Rosemount will resist lifting prices for its flagship wine, Rosemount Diamond Label, despite currency pressures on its key export markets in North America and Europe.
The winemaker will instead rely on fresh marketing initiatives, including a new sponsorship deal with the AFL and on-premise promotions to dominate its category.
Angus McPherson, managing director of Rosemount, which is owned by the world's biggest pure-play wine company Treasury Wine Estates, said Diamond Label was priced at $10 to $15 a bottle and that fitted perfectly with its strategy.
"TWE wants to win in what we call 'masstige' [prestige for the masses] and luxury wines, and Rosemount Diamond Label is core in masstige," he said.
TWE boss David Dearie has pushed through a masstige strategy since the company was split off from Foster's two years ago, focusing on quality wines that are more expensive than mass-market wines but also more luxurious.
For some of TWE's portfolio this has seen a lift in prices or an exit from unprofitable markets.
The world's second-largest alcoholic-beverage company, Pernod Ricard, plans to lift prices for its Australian flagship label, Jacob's Creek, in the US after a similar price hike in Britain.
"I don't think we are raising our prices," Mr McPherson said, "because I think we are in a really good price point where consumers are willing to pay for brands.
"It's above that $10 per bottle segment, so I think Rosemount is in a really good position where we are producing world-class wines. In the first half, we won 20 trophies on Rosemount, won 220 medals on Rosemount in the Australian show circuit alone."
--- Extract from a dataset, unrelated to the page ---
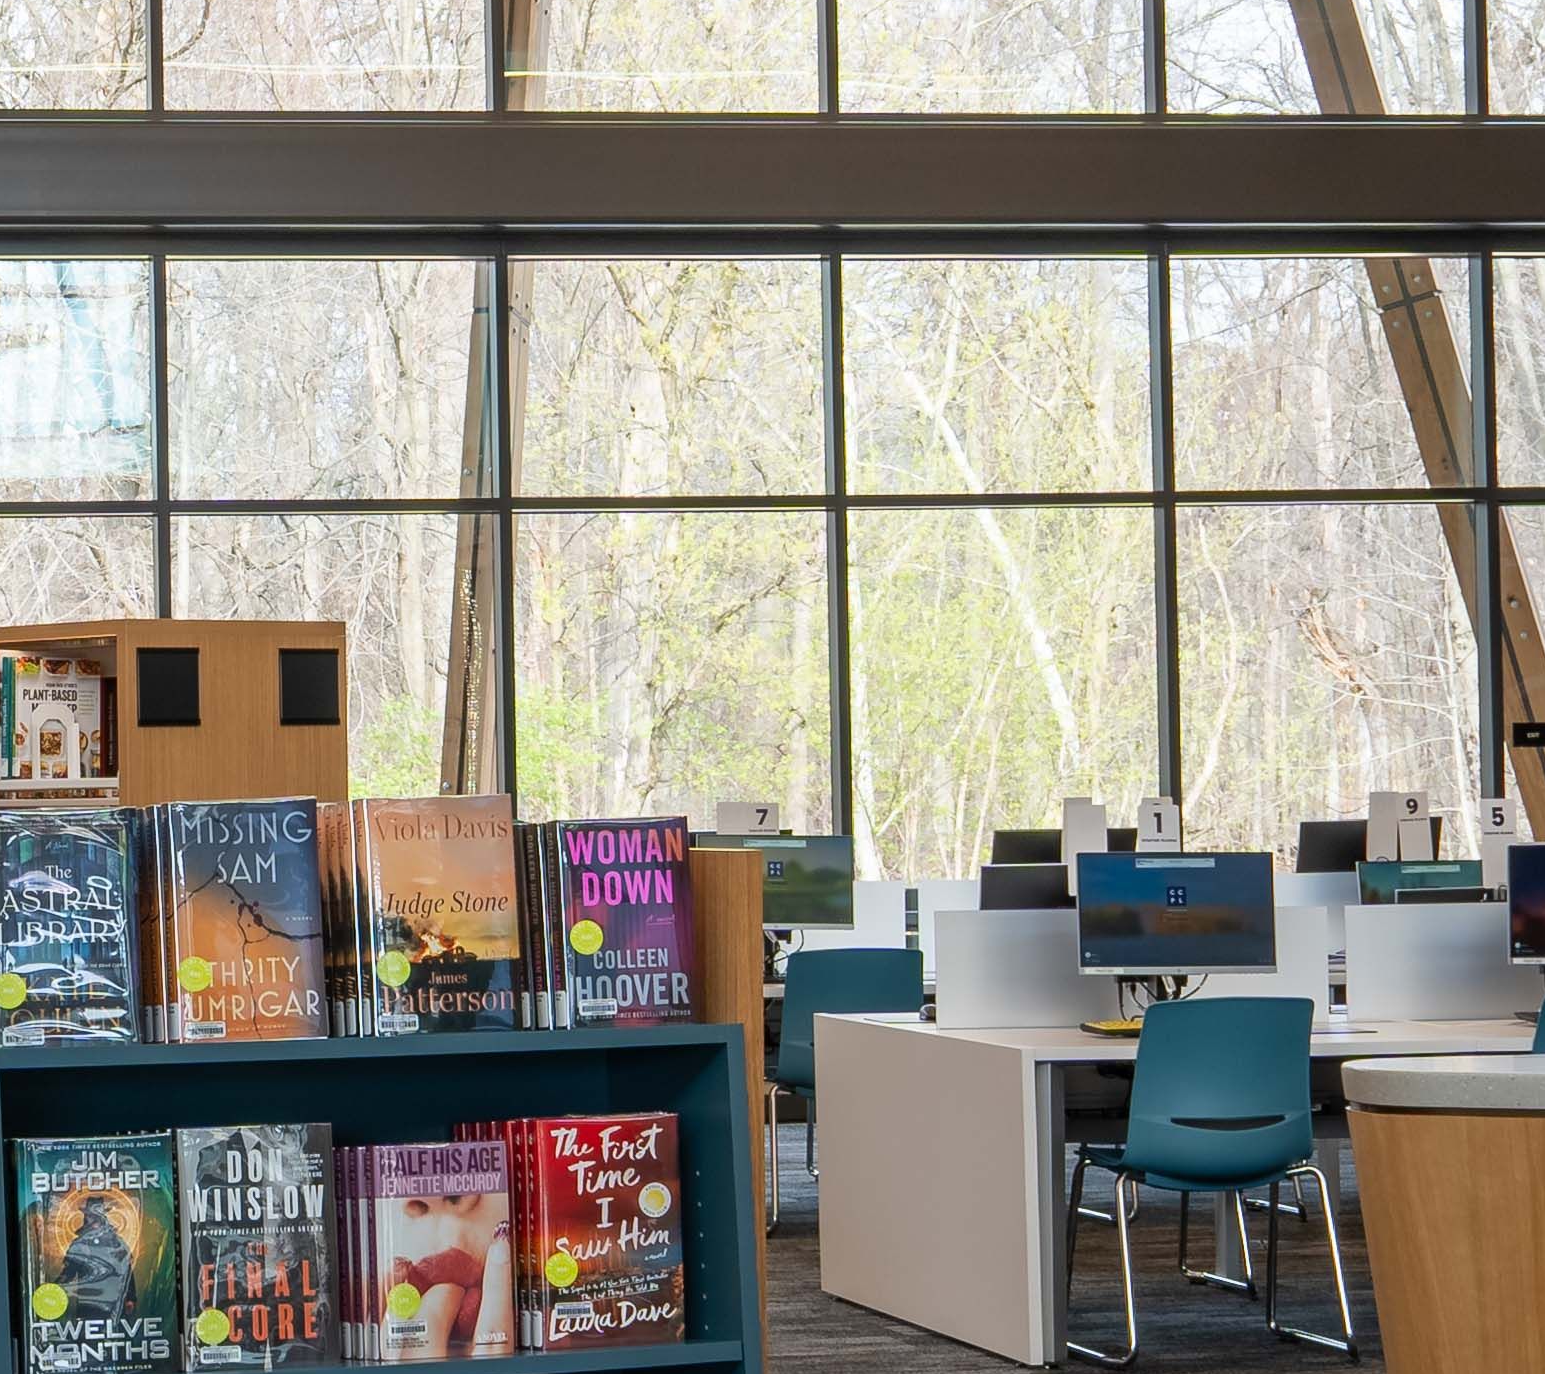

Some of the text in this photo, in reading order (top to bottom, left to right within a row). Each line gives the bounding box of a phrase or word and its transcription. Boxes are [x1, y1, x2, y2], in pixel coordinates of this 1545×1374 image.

Robert Parker, an internationally recognised wine expert and founder of the influential publication Wine Advocate, recently gave 28 TWE wines a score of 90 points or above, of which four were Rosemount.
Mr McPherson declined to comment if a decision to keep Rosemount prices stable in North America - despite the cost pressures of the high dollar - was hurting margins.
"Rosemount Diamond Label still sits between the $US8 and $US10 price point in America, it always has, and what we do is make sure we maintain the quality in the bottle," he said.
It certainly isn't hurting sales as Rosemount volumes in the US rose 9.1 per cent for the first half of 2012-13.
"The ability to get the consumer to taste the product and then the uplift in sales that we get, we are getting that. As things become tougher with the dollar, we will focus on making sure we are near the point of purchase. That's incredibly important for us."
Mr McPherson said Rosemount would also focus on communicating its brand strategy to consumers, and getting the wine in the hands of its drinkers through a range of new marketing platforms.
He said a deal first inked in 2012 for Rosemount to be the AFL's official wine partner has been renewed.
The winemaker is also chasing individual sponsorship deals with a number of AFL clubs.
Founded by entrepreneur Bob Oatley more than 40 years ago, Rosemount was sold to Southcorp for $1.5 billion in 2001 and then sold on to Foster's as part of its $3.7 billion takeover of Southcorp in mid-2005.